Abonnez-vous à Universalis pour 1 euro

MORRIS ROBERT (1931-2018)

Artiste, enseignant au Hunter College de New York et théoricien, Robert Morris a fortement contribué à l'expansion du champ de la sculpture, dans les années 1960-1970. Il a montré que la signification d'une œuvre dépend plus de sa relation à l'espace environnant et de l'expérience qu'en fait le spectateur que de sa forme.
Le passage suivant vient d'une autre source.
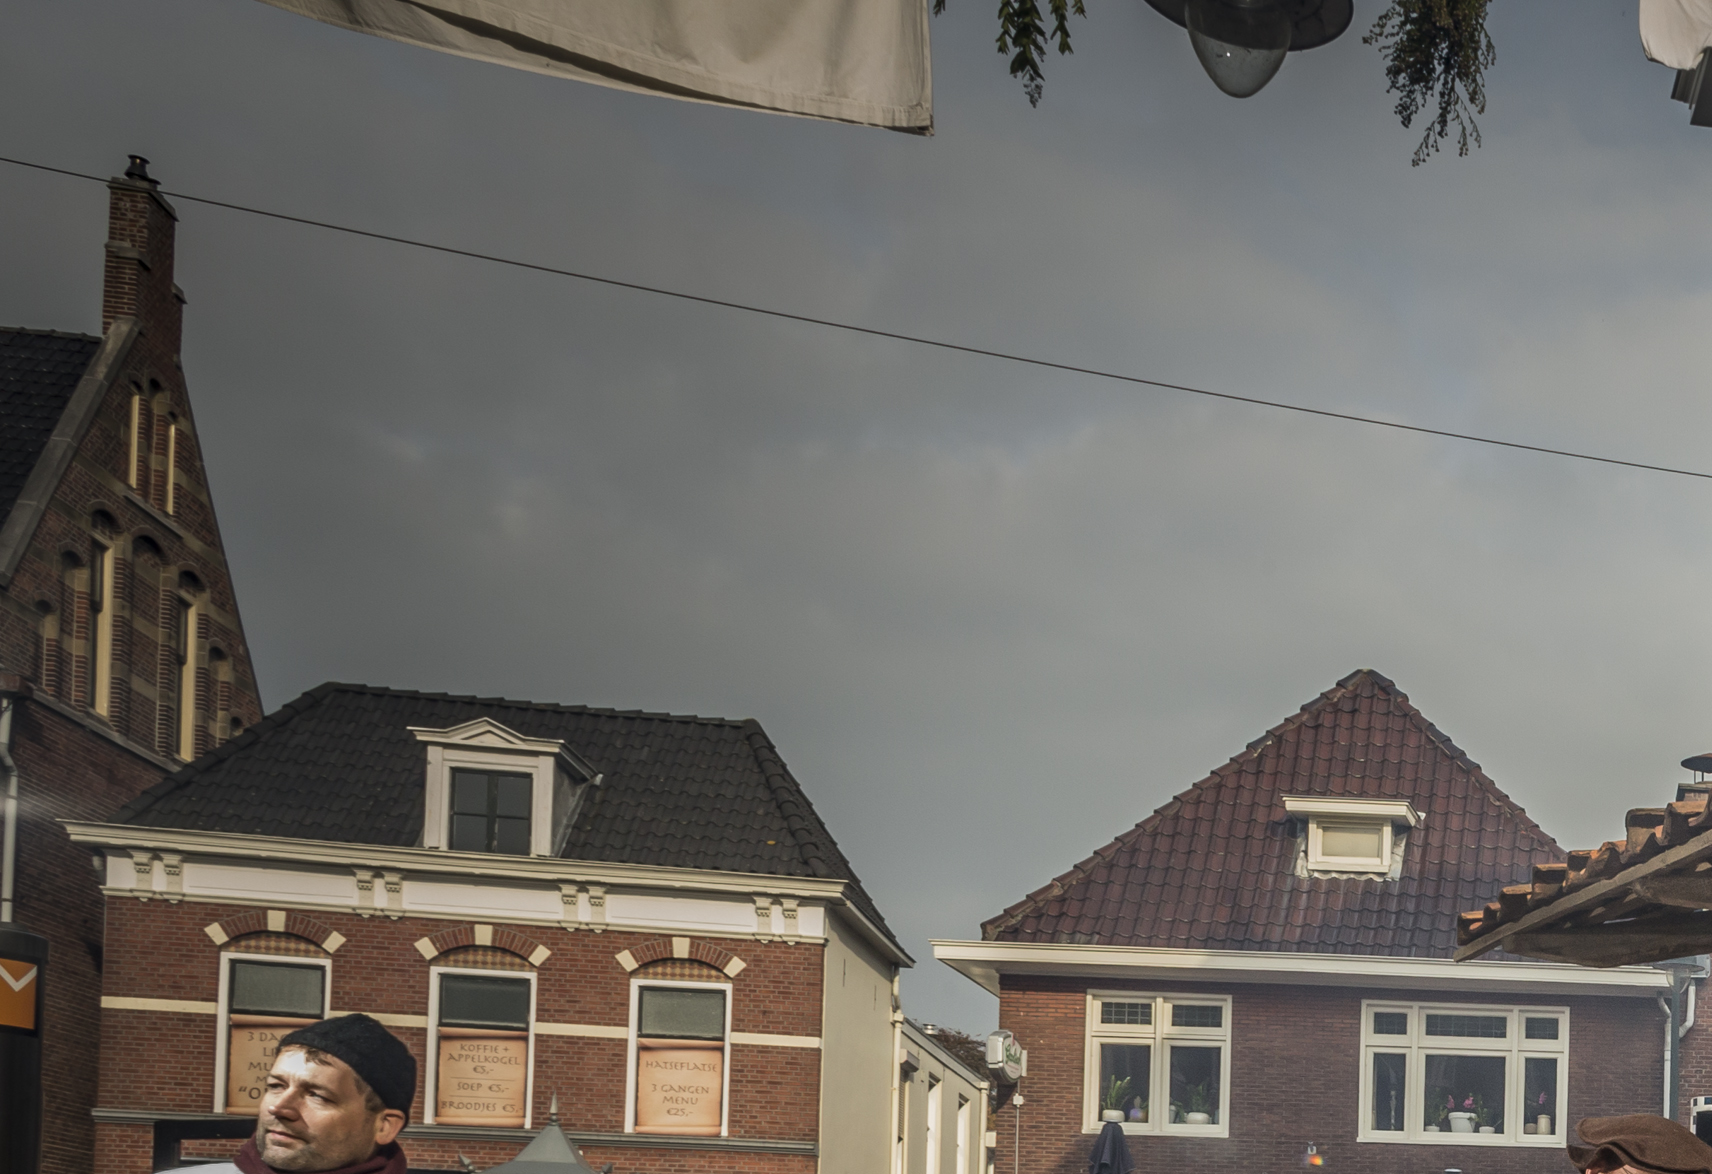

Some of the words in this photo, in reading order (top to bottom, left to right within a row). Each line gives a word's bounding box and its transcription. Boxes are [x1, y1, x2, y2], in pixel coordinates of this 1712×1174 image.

Né le 9 février 1931 à Kansas City (Missouri), Robert Morris fait des études d'art et d'ingénieur avant de suivre l'enseignement de la California School of Arts. Dès la fin des années 1950, en Californie puis à New York où il s'est établi en 1961, l'artiste travaille à des improvisations théâtrales, qui vont devenir collectives et interdisciplinaires, avec le Judson Dance Theater. Selon l'historienne d'art Rosalind Krauss, la sculpture se définit alors, pour lui, négativement : « Elle se réduit à la simple détermination d'être ce qui dans la pièce [la galerie] n'est pas la pièce », ou, de même, ce qui dans le paysage n'est pas le paysage (Installation à la Green Gallery, 1964, New York ; Untitled [Mirror Boxes], 1966). Morris s'inscrit dans le contexte du minimalisme : selon qu'elles sont couchées ou dressées, des formes identiques produisent une perception différente, qui « dépend à l'évidence de l'orientation dans l'espace qu'elles partagent avec notre propre corps », note R. Krauss dans Passages in Modern Sculpture, qui poursuit : « leur différence est leur signification sculpturale » (Sans titre, 1965). Les œuvres, faites de segments permutables ou de lambeaux de feutres découpés, mis en forme dans l'acte même de leur accrochage, participent de cette notion d'Antiform élaborée par l'artiste. Dans les années 1970, avec ses Observatoires construits dans des sites naturels, Morris travaille l'articulation de l'architecture avec le paysage, avant de reconsidérer le statut du « monument » et du « baroque » dans la société contemporaine (participation à la Dokumenta 8, Kassel, 1987).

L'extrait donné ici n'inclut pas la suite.